→ How to complete this task:
Print the data once more, exactly as supplied.

→ Task data:
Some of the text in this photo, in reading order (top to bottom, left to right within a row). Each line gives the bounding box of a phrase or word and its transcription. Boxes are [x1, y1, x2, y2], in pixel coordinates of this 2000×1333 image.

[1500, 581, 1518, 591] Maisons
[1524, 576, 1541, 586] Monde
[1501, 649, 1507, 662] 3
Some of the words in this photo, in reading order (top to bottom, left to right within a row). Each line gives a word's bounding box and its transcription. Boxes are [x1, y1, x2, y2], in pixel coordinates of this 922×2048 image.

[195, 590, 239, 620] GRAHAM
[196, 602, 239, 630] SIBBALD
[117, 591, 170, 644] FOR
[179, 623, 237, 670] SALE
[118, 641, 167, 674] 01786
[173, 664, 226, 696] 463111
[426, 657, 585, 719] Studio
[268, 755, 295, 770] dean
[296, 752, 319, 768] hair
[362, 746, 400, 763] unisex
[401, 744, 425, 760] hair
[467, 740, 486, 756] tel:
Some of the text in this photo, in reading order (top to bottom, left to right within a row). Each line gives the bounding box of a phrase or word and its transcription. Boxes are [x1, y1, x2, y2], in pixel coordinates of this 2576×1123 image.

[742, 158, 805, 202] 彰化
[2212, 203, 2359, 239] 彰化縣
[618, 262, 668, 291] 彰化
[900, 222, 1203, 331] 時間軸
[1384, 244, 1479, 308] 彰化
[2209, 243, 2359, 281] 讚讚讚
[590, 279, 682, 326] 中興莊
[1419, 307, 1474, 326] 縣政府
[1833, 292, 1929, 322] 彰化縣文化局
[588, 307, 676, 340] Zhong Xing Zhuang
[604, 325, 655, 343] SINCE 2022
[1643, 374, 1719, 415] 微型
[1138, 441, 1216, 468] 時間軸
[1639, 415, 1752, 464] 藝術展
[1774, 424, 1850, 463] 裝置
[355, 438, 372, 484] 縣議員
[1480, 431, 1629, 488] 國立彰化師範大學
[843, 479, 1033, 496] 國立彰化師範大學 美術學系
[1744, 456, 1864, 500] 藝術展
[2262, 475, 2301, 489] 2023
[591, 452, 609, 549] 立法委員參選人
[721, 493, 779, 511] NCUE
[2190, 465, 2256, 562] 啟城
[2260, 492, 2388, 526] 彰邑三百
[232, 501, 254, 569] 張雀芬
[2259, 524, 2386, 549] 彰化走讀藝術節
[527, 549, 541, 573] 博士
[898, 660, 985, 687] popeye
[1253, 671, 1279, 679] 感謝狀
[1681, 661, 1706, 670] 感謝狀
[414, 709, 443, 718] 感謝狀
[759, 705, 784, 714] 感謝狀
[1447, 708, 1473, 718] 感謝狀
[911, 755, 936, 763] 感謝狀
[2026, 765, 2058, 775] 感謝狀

→ Answer for this exercise:
Some of the text in this photo, in reading order (top to bottom, left to right within a row). Each line gives the bounding box of a phrase or word and its transcription. Boxes are [x1, y1, x2, y2], in pixel coordinates of this 2000×1333 image.

[1500, 581, 1518, 591] Maisons
[1524, 576, 1541, 586] Monde
[1501, 649, 1507, 662] 3
Some of the words in this photo, in reading order (top to bottom, left to right within a row). Each line gives a word's bounding box and its transcription. Boxes are [x1, y1, x2, y2], in pixel coordinates of this 922×2048 image.

[195, 590, 239, 620] GRAHAM
[196, 602, 239, 630] SIBBALD
[117, 591, 170, 644] FOR
[179, 623, 237, 670] SALE
[118, 641, 167, 674] 01786
[173, 664, 226, 696] 463111
[426, 657, 585, 719] Studio
[268, 755, 295, 770] dean
[296, 752, 319, 768] hair
[362, 746, 400, 763] unisex
[401, 744, 425, 760] hair
[467, 740, 486, 756] tel:
Some of the text in this photo, in reading order (top to bottom, left to right within a row). Each line gives the bounding box of a phrase or word and its transcription. Boxes are [x1, y1, x2, y2], in pixel coordinates of this 2576×1123 image.

[742, 158, 805, 202] 彰化
[2212, 203, 2359, 239] 彰化縣
[618, 262, 668, 291] 彰化
[900, 222, 1203, 331] 時間軸
[1384, 244, 1479, 308] 彰化
[2209, 243, 2359, 281] 讚讚讚
[590, 279, 682, 326] 中興莊
[1419, 307, 1474, 326] 縣政府
[1833, 292, 1929, 322] 彰化縣文化局
[588, 307, 676, 340] Zhong Xing Zhuang
[604, 325, 655, 343] SINCE 2022
[1643, 374, 1719, 415] 微型
[1138, 441, 1216, 468] 時間軸
[1639, 415, 1752, 464] 藝術展
[1774, 424, 1850, 463] 裝置
[355, 438, 372, 484] 縣議員
[1480, 431, 1629, 488] 國立彰化師範大學
[843, 479, 1033, 496] 國立彰化師範大學 美術學系
[1744, 456, 1864, 500] 藝術展
[2262, 475, 2301, 489] 2023
[591, 452, 609, 549] 立法委員參選人
[721, 493, 779, 511] NCUE
[2190, 465, 2256, 562] 啟城
[2260, 492, 2388, 526] 彰邑三百
[232, 501, 254, 569] 張雀芬
[2259, 524, 2386, 549] 彰化走讀藝術節
[527, 549, 541, 573] 博士
[898, 660, 985, 687] popeye
[1253, 671, 1279, 679] 感謝狀
[1681, 661, 1706, 670] 感謝狀
[414, 709, 443, 718] 感謝狀
[759, 705, 784, 714] 感謝狀
[1447, 708, 1473, 718] 感謝狀
[911, 755, 936, 763] 感謝狀
[2026, 765, 2058, 775] 感謝狀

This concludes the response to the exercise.